Pese a la tenue luz del reloj, Bill no alcanzó a ver la sonrisa de su esposa en la penumbra. Pero la intuyó en su tono de voz.
—Deja de protestar. Relájate y disfruta.
4
La puerta del ascensor se cerró con un brillo plateado, emitiendo un susurro neumático.
—¿Qué piso, por favor? —preguntó la voz electrónica del control automático.
—Quince —respondió Andie lacónicamente.
No le gustaba hablar con las máquinas. El ascensor se elevó, suave y silencioso. Tras aprovechar el lujo de la cabina vacía para estirarse, Andie contempló su reflejo distorsionado en la bruñida superficie de la puerta y se preguntó ociosamente qué se sentiría yendo por la vida con un cuello como los que pintaba Modigliani, rematado por una cara picassiana con ambos ojos a un mismo lado de la nariz.
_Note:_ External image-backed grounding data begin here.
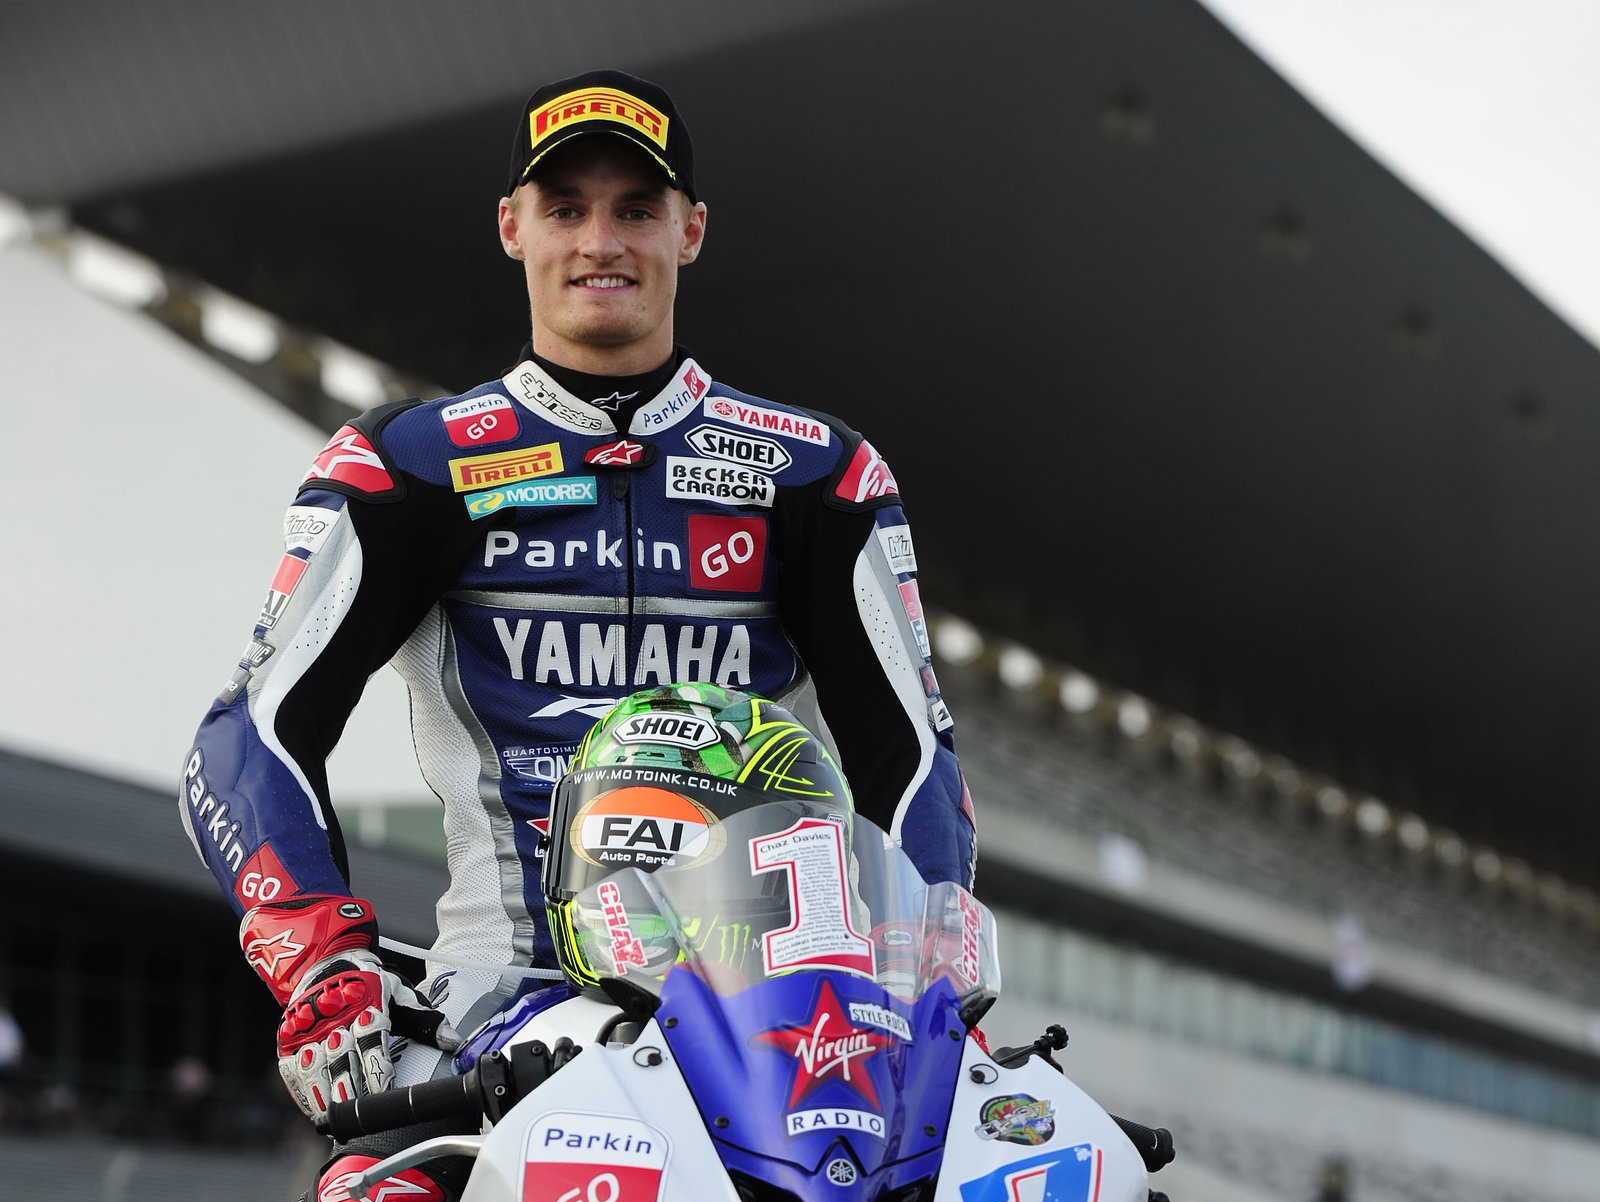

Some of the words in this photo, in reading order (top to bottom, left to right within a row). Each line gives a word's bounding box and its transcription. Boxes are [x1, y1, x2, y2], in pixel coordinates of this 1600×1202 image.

[536, 93, 662, 138] PIRELLI
[448, 399, 503, 416] Parkin
[520, 373, 602, 430] alpinestars
[643, 391, 692, 427] Parkin
[690, 371, 699, 395] GO
[466, 415, 498, 440] GO
[737, 407, 822, 441] YAMAHA
[702, 434, 775, 465] SHOEI
[461, 451, 552, 486] PIRELLI
[673, 464, 767, 487] BECKER
[506, 483, 595, 502] MOTOREX
[673, 479, 768, 501] CARBON
[484, 528, 682, 571] Parkin
[701, 530, 754, 578] GO
[493, 618, 751, 686] YAMAHA
[626, 716, 706, 742] SHOEI
[185, 749, 245, 873] Parkin
[241, 872, 281, 901] GO
[600, 817, 684, 851] FAI
[760, 839, 789, 854] Chaz
[793, 832, 832, 844] Davies
[599, 851, 631, 862] Auto
[636, 853, 676, 867] Parts
[852, 1008, 884, 1025] STYLE
[885, 1013, 908, 1034] ROCK
[795, 1013, 876, 1081] Virgin
[793, 1112, 882, 1133] RADIO
[544, 1128, 652, 1154] Parkin
Así era cómo había imaginado a los mutantes la primera vez que había oído hablar de ellos, siendo niña. Antes de que aparecieran en las escuelas, en las calles, en la sede del gobierno.
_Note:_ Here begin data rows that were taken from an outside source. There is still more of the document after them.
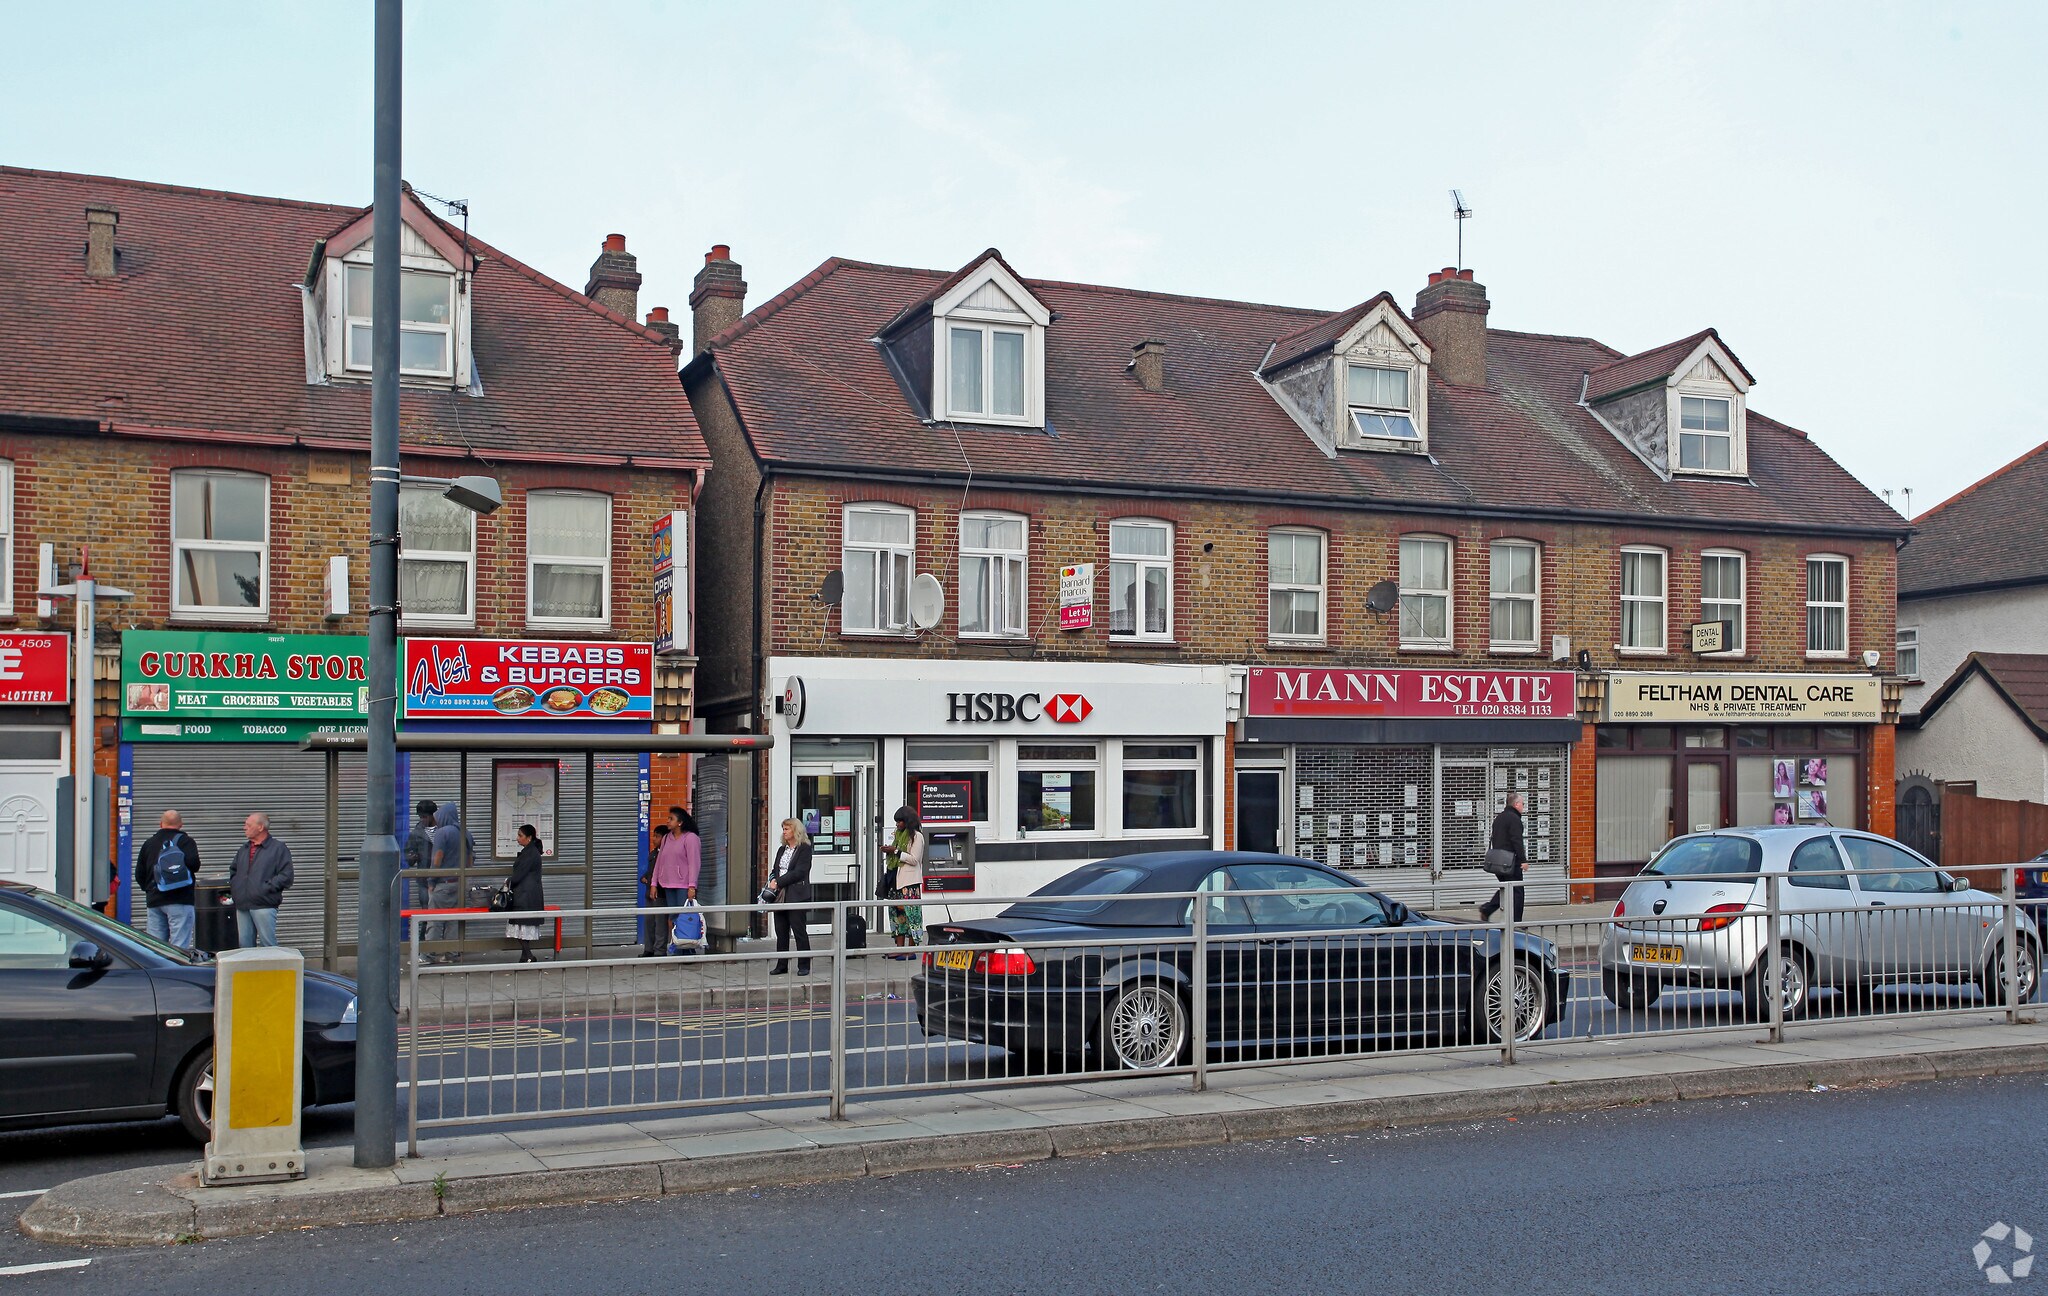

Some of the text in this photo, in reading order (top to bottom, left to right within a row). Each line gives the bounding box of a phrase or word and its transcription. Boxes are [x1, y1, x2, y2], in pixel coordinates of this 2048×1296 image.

[654, 574, 673, 595] OPEN
[1061, 575, 1090, 588] barnard
[1061, 588, 1087, 597] marcus
[1068, 607, 1091, 618] Let by
[1696, 627, 1719, 637] DENTAL
[19, 639, 52, 648] 4505
[1699, 638, 1716, 647] CARE
[498, 646, 625, 665] KEBABS
[140, 651, 369, 681] GURKHA STOR
[411, 644, 471, 705] West
[480, 666, 641, 685] & BURGERS
[1273, 672, 1553, 703] MANN ESTATE
[7, 690, 53, 701] LOTTERY
[1638, 685, 1854, 702] FELTHAM DENTAL CARE
[177, 695, 353, 707] MEAT GROCERIES VEGETABLES
[784, 703, 798, 716] SBC
[946, 692, 1041, 722] HSBC
[1453, 705, 1552, 716] TEL 020 8384 1133
[1690, 703, 1807, 711] NHS & PRIVATE TREATMENT
[184, 725, 212, 734] FOOD
[242, 725, 287, 734] TOBACCO
[318, 725, 368, 733] OFF LICEN
[922, 784, 938, 792] Free
El ascensor se detuvo, la puerta se abrió con un suspiro y en la cabina entraron Karim Fuentes, primer ayudante del senador Craddick, y Carter Pierce, principal representante ante los miembros del poder legislativo de los fabricantes coreanos de superconductores, los brasileños de combinaciones genéticas y los franceses de aleaciones plásticas.
—Andie…, encantado de verte. —Fuentes le lanzó una de sus deslumbrantes sonrisas y añadió—: ¿Conoces a Carter?
—Sí, nos han presentado. —A pesar de ella misma, le gustaba la buena apariencia de Karim, su tez morena y su trato agradable. En cambio, las relaciones políticas de Carter Pierce y sus puños dobles de seda la dejaban fría. De todos modos, nunca le habían atraído los rubios. Por su parte, Pierce evitaba el despacho de la senadora Jacobsen con una rotundidad que bordeaba la fobia—. ¿Cómo está?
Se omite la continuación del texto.